À ce moment-là, la décision — bonne ou mauvaise — a été prise de sous-traiter cette initiative. Concrètement, donc, nous avons des gens du secteur privé, plus précisément Deloitte et Accenture, et la décision a été prise de stocker toute l’information dans le nuage d’Amazon, le AWS. Tout de suite en partant, nous avons donc de tout nouveaux systèmes que le gouvernement n’a jamais utilisés à une si grande échelle, et un secteur privé qui essaie aussi de s’y retrouver.
Comme ces gens sont arrivés à la table sans comprendre vraiment la frontière, il y a eu, à mon point de vue, un manquement pour favoriser notre compréhension commune. Il y a eu aussi une série de mandats à propos de ce qu’ils pensaient être la meilleure façon de régler le problème. Je crois donc que c’était la tempête parfaite qui nous a menés là où nous sommes aujourd’hui.
De plus, la décision a été prise il y a cinq ans et le monde a changé depuis. À ce moment, nous étions partants pour commencer la transition vers le nuage. Toutefois, nous avons beaucoup appris au cours des trois dernières années, et nous savons maintenant que des acteurs mal intentionnés dans des États voyous ciblent ce genre d’information.

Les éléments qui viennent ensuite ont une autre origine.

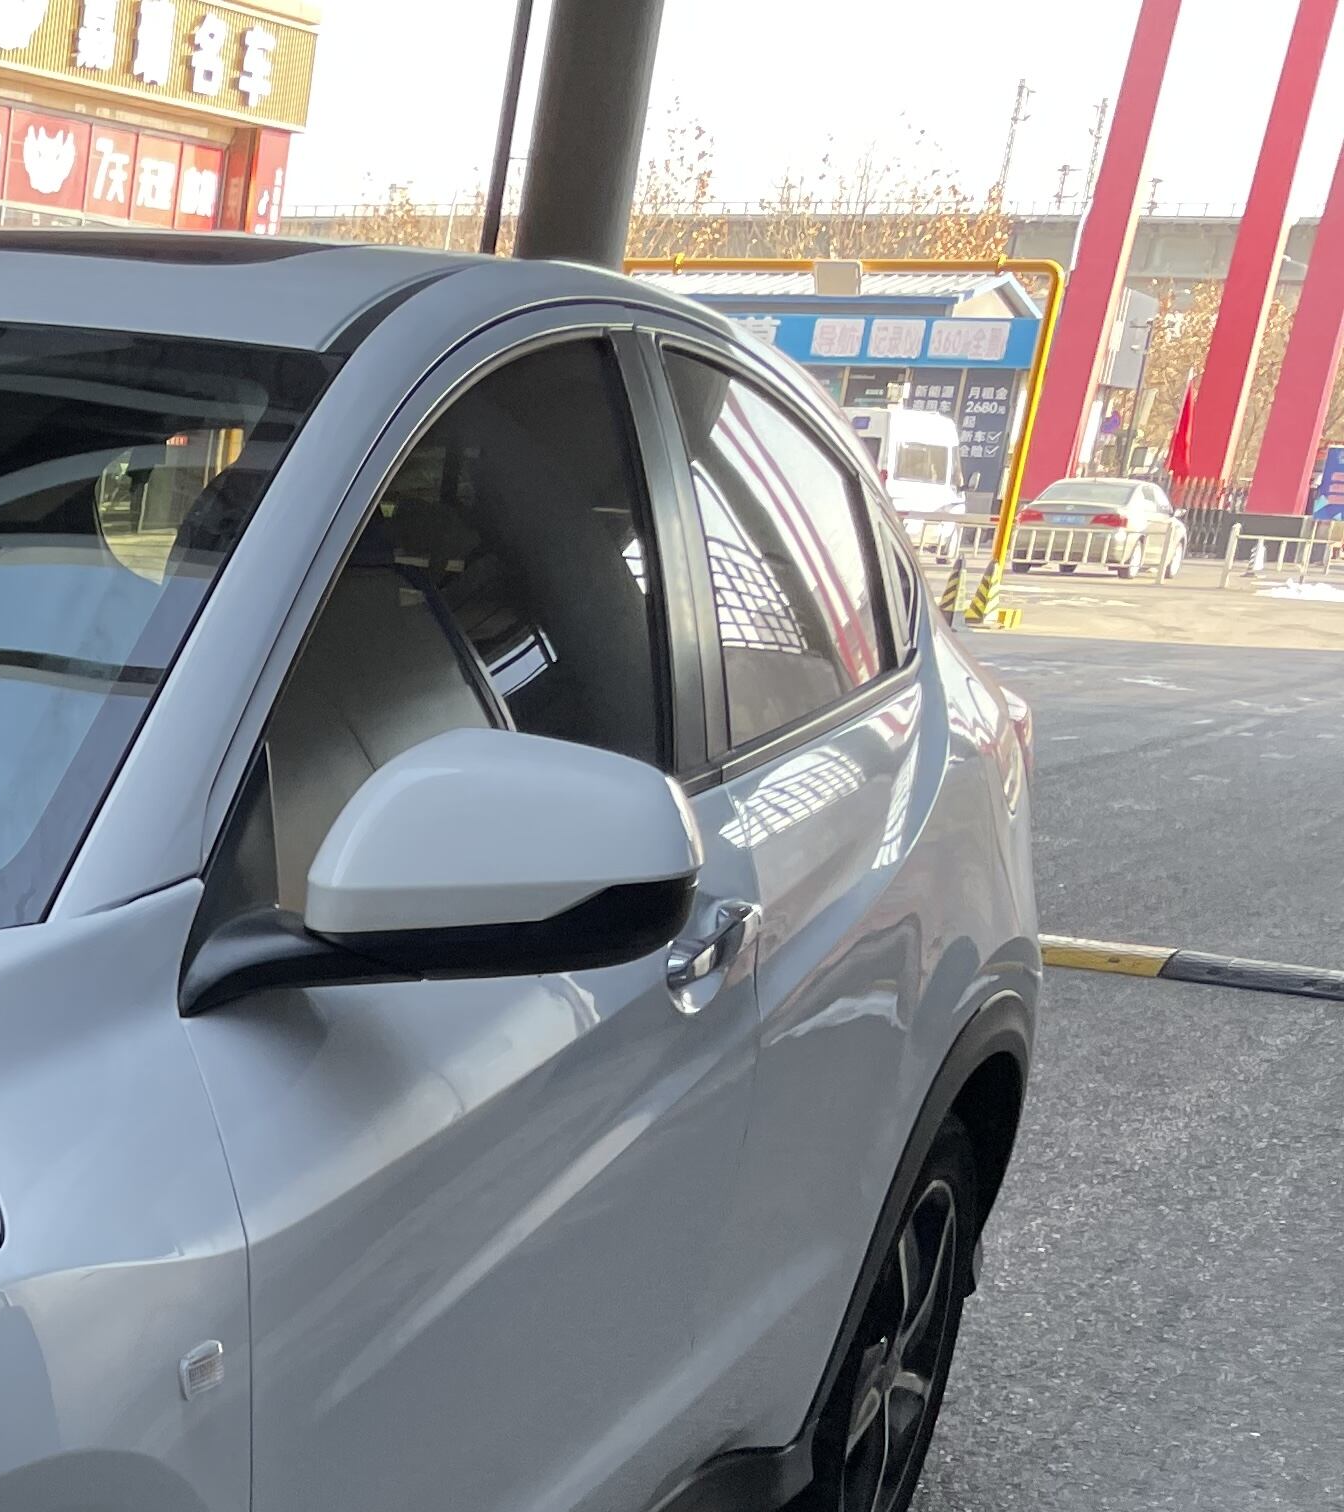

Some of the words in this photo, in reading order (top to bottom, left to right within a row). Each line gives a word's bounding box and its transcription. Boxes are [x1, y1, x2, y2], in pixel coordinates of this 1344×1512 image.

Le sénateur Boehm : Seriez-vous d’accord pour dire qu’il ne s’agit pas seulement de la frontière? Le gouvernement a mentionné vouloir s’engager dans la différenciation commerciale beaucoup plus sérieusement. On parle ici de plusieurs frontières, et je présume que nous examinons divers moyens et éléments dans divers pays dont nous pourrions nous inspirer.
Mme Campbell : Oui, je suis d’accord. Je dois être honnête avec vous et vous dire que j’ai travaillé directement avec la U.S. Customs and Border Protection, et j’ai siégé en tant que ressortissante étrangère à certains de leurs comités. Ils ont une approche très différente. Ils voient vraiment les entreprises commerciales comme des partenaires et travaillent avec elles pour créer des solutions, et nous avons beaucoup à apprendre de cette façon de procéder. Nous n’avons pas la même approche au pays à l’heure actuelle.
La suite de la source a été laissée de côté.